Os famosos commencement speeches (os discursos de iniciação) das universidades pelo mundo tem como função inspirar graduandos para a jornada que se inicia após uma trajetória acadêmica. Esses discursos, tradicionais nos Estados Unidos, são proferidos por figuras ilustres e muitos se tornam famosos. Quem discursou para nossa turma na Universidade da Pennsylvania foi Angela Duckworth, uma das maiores pesquisadoras em psicologia, e querida professora da nossa turma de mestrado.

Contarei sobre o discurso ao longo do texto. Por ora, saiba que Angela Duckworth construiu uma carreira notável estudando a excelência humana. Mais precisamente, ela busca entender o que faz com que alguns de nós atinjam a excelência em diferentes áreas de atuação.
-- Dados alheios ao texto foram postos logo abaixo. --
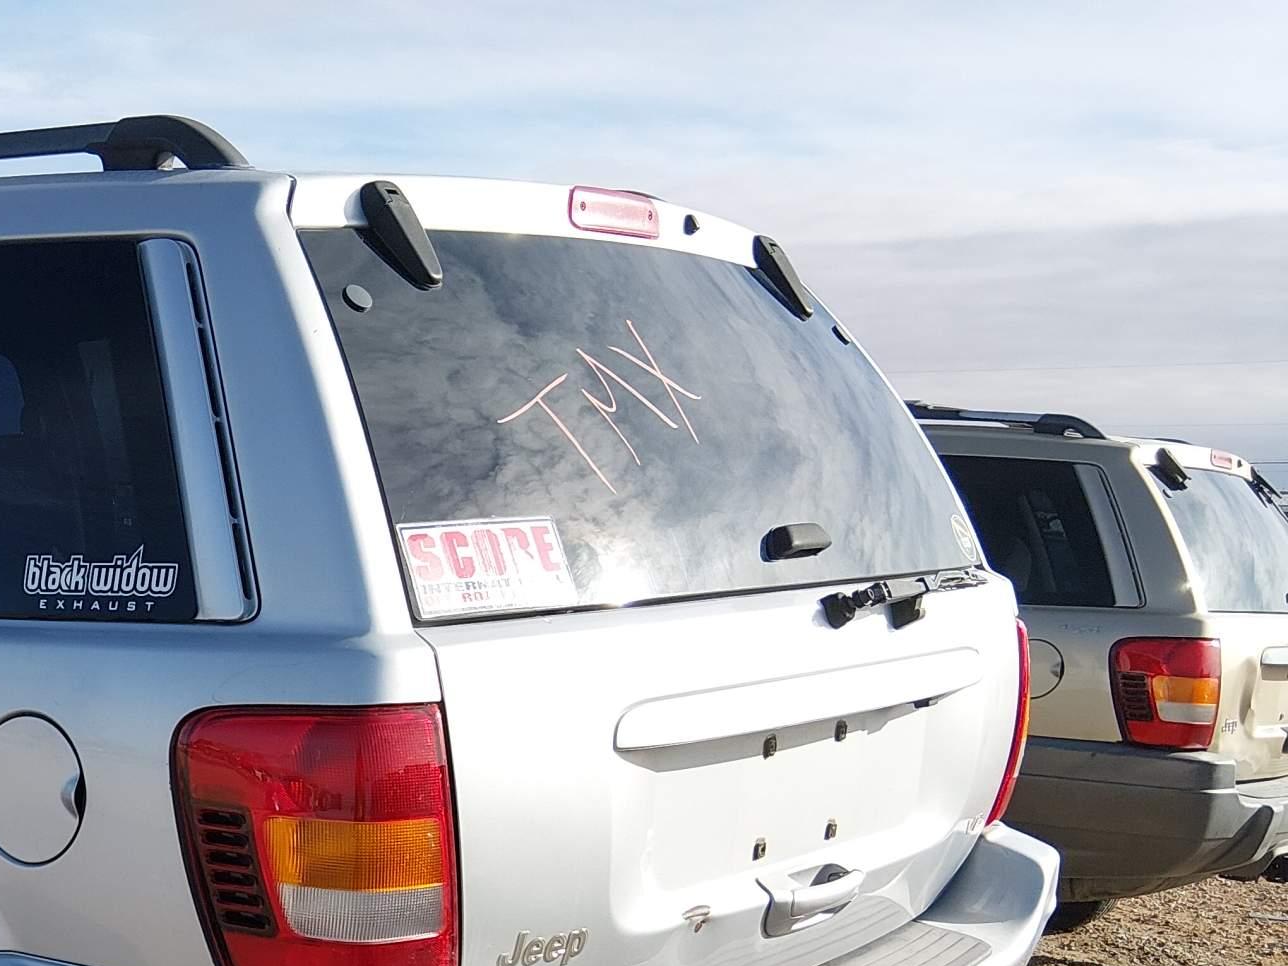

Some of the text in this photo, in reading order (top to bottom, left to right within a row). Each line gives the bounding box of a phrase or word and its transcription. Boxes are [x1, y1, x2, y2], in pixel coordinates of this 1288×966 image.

[497, 319, 702, 494] TMX
[24, 544, 179, 597] black widow
[407, 526, 562, 582] SCOPE
[39, 599, 155, 612] EXHAUST
Antes de continuar, gostaria de deixar claro que nomear uma característica como unicamente responsável pelo sucesso humano seria simplificar demais a nossa complexidade. Por isso, saiba que as pesquisas de Angela não buscam dar a única receita para o sucesso. Em vez disso, o trabalho da pesquisadora mostra que, entre outras tantas qualidades, uma parece ser bastante comum entre as pessoas excelentes — tanto que Angela a considera quase indispensável. Duckworth deu a esta qualidade o nome “grit”, traduzida como garra para o português.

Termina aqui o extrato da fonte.